**SOURCE INFORMATION**

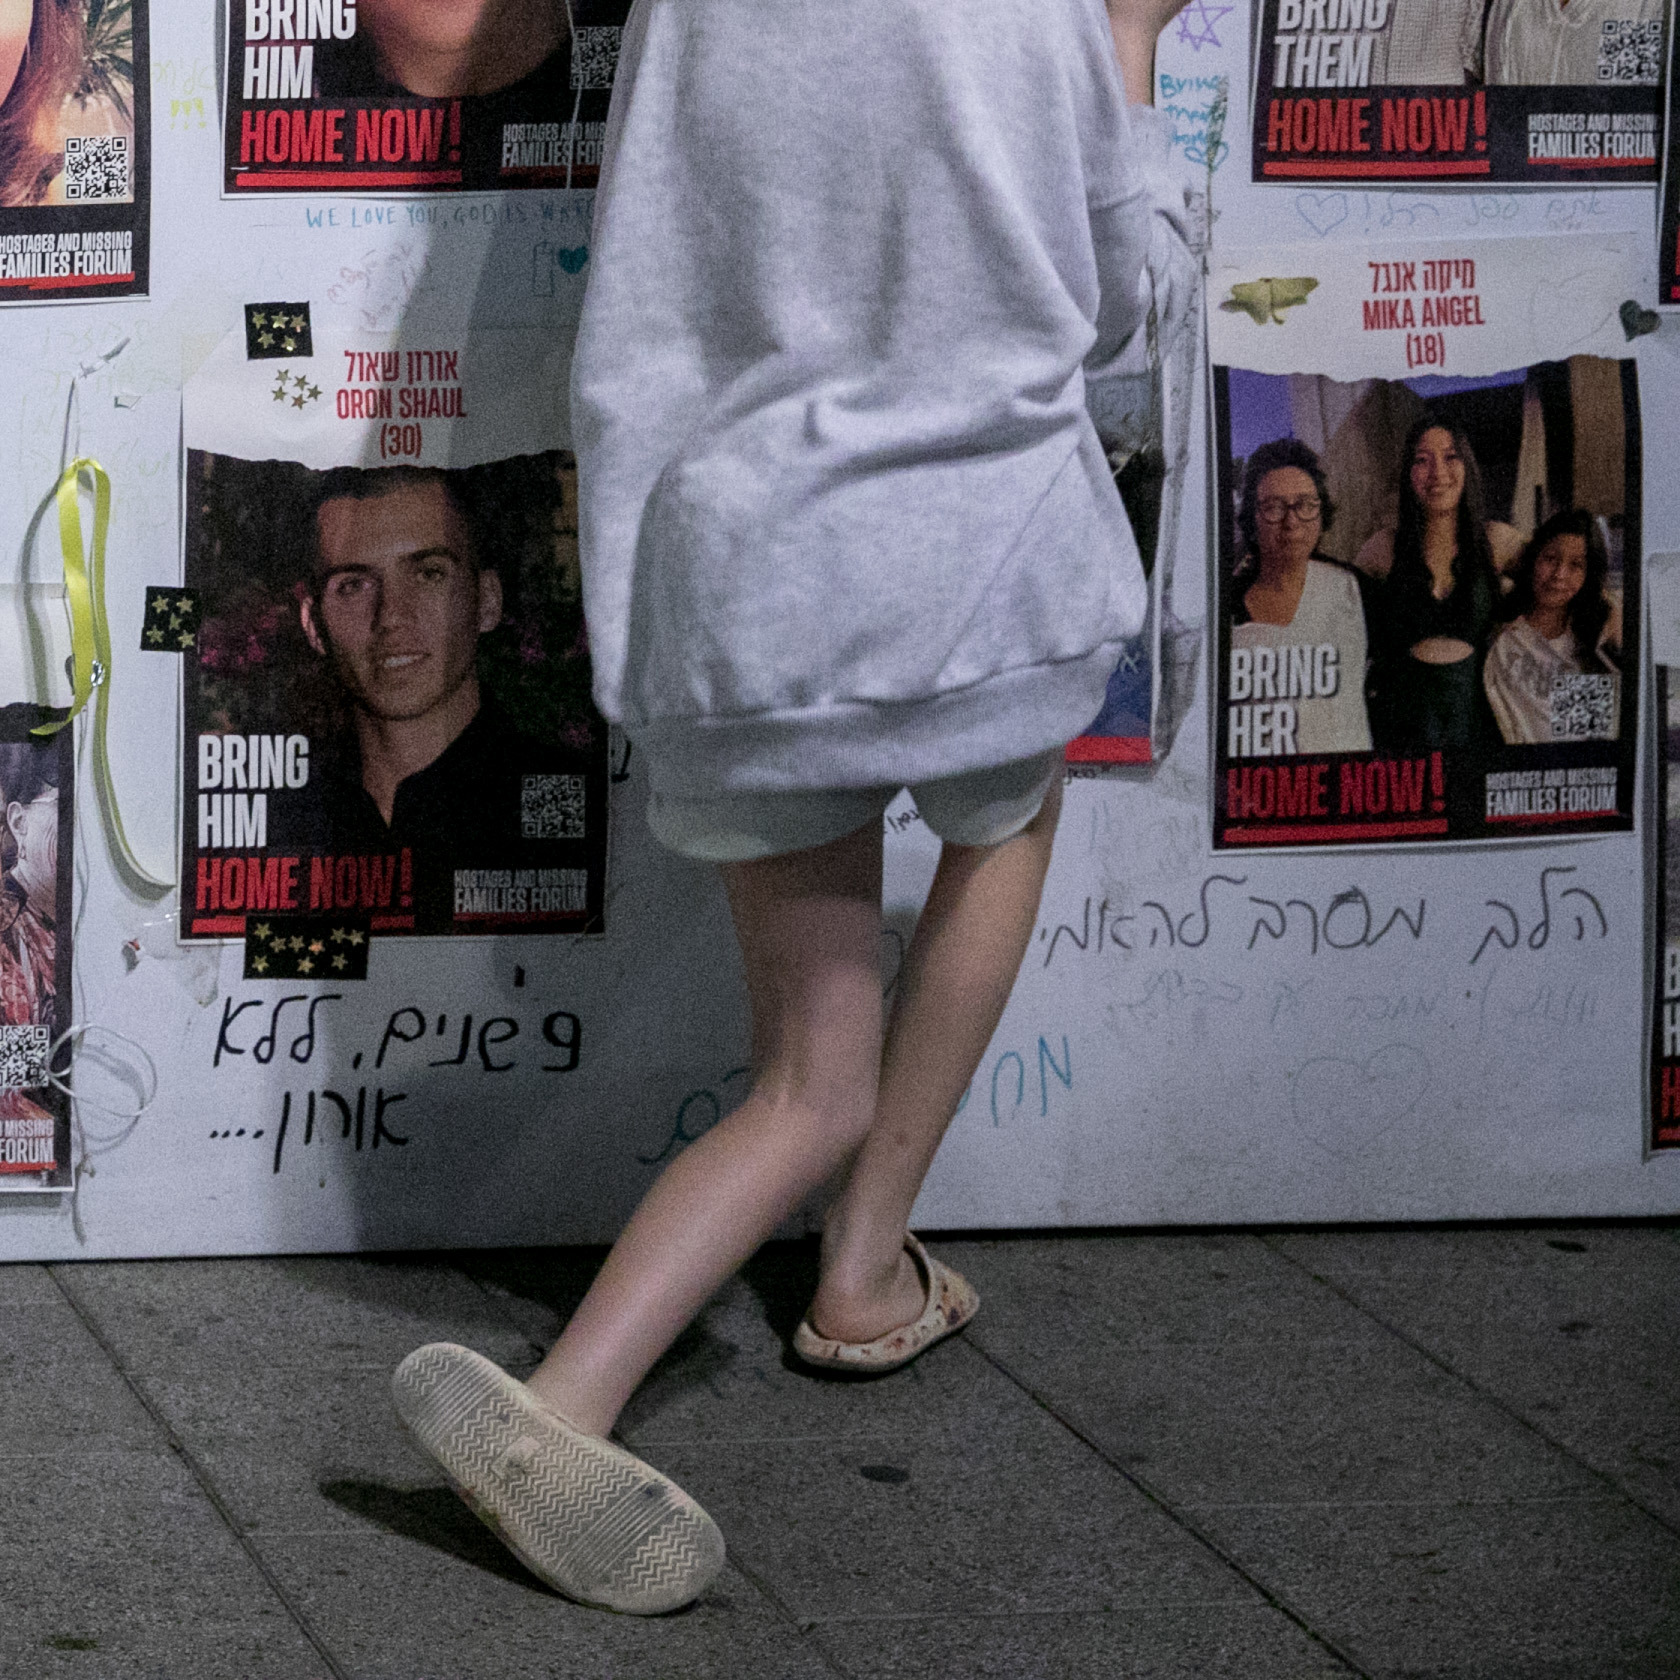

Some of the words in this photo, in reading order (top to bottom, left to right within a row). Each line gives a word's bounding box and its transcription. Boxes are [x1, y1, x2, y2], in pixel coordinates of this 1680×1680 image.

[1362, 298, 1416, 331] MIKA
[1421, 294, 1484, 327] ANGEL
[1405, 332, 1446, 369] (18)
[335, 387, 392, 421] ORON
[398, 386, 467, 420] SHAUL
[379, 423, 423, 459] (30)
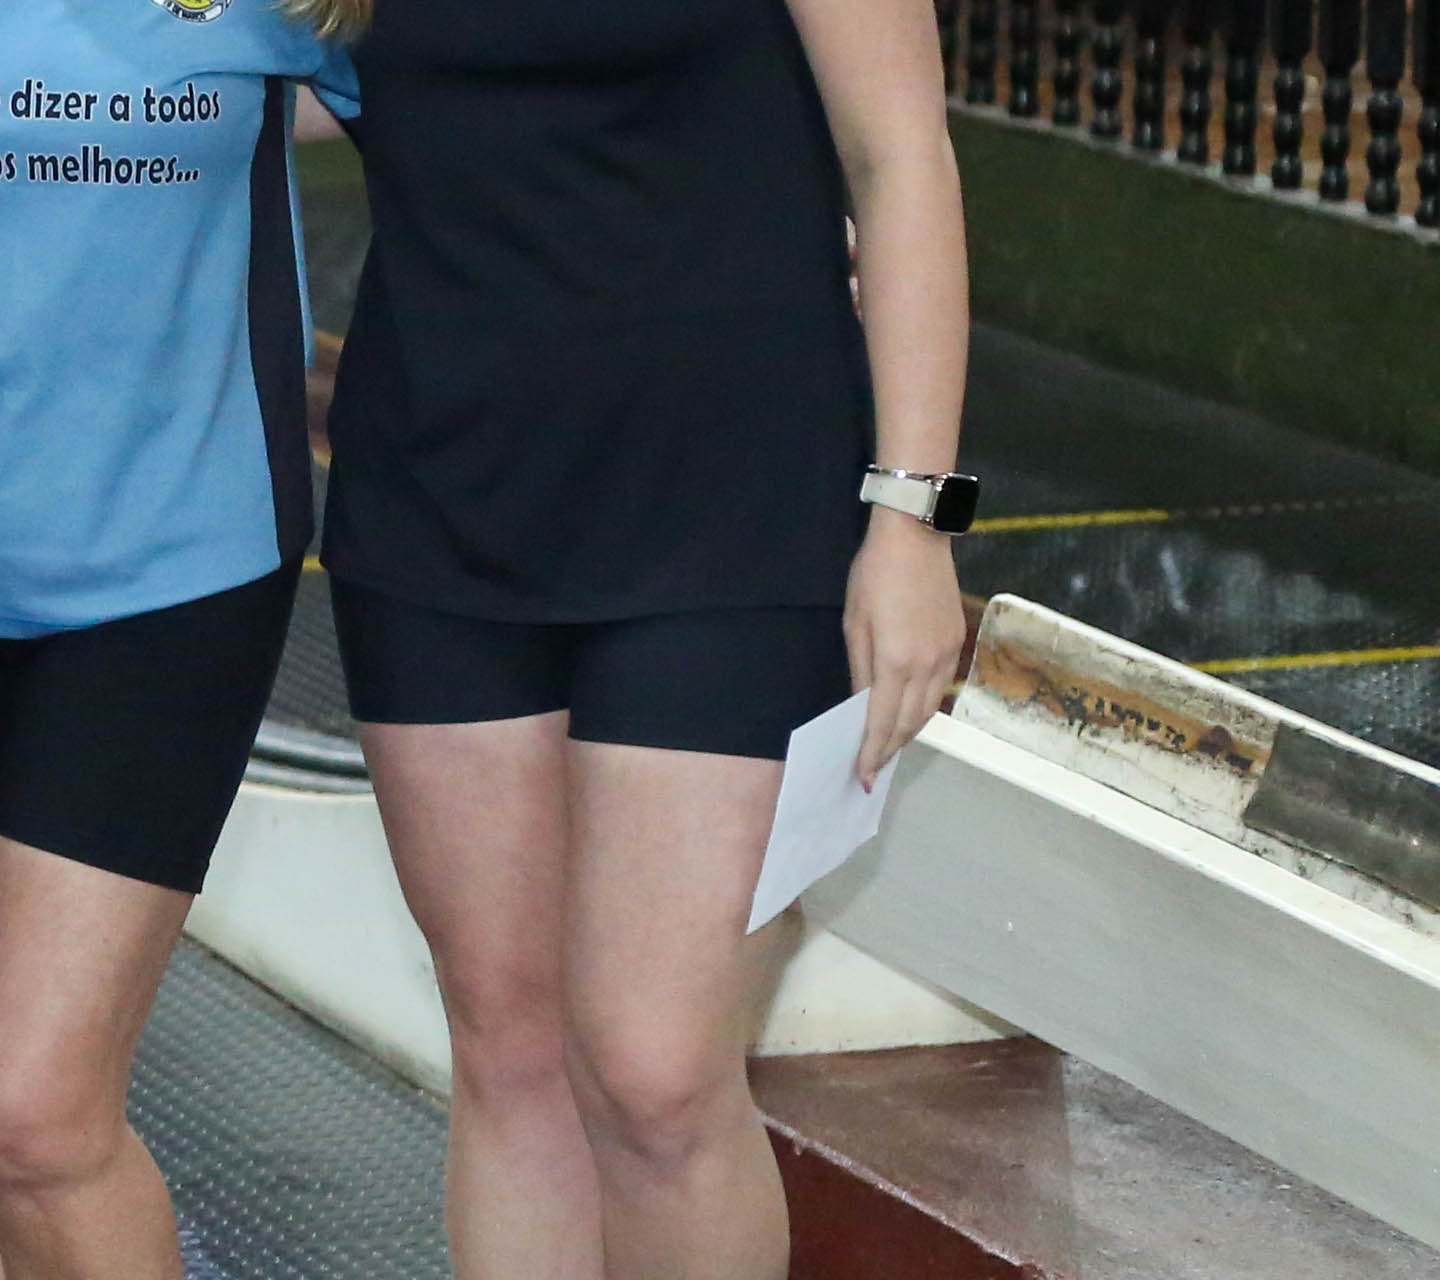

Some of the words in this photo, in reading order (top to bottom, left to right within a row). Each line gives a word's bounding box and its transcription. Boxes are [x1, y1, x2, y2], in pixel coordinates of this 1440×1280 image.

**WHAT TO WORK ON**
Where a picture appears in the listing above, skip it and set down all the rest exactly.

**RESPONSE TO THE TASK**
Some of the words in this photo, in reading order (top to bottom, left to right within a row). Each line gives a word's bounding box and its transcription. Boxes are [x1, y1, x2, y2], in pixel coordinates of this 1680×1680 image.

[1362, 298, 1416, 331] MIKA
[1421, 294, 1484, 327] ANGEL
[1405, 332, 1446, 369] (18)
[335, 387, 392, 421] ORON
[398, 386, 467, 420] SHAUL
[379, 423, 423, 459] (30)

Some of the words in this photo, in reading order (top to bottom, left to right within a row). Each line gives a word's bounding box and its transcription. Boxes are [x1, y1, x2, y2], in pixel coordinates of this 1440×1280 image.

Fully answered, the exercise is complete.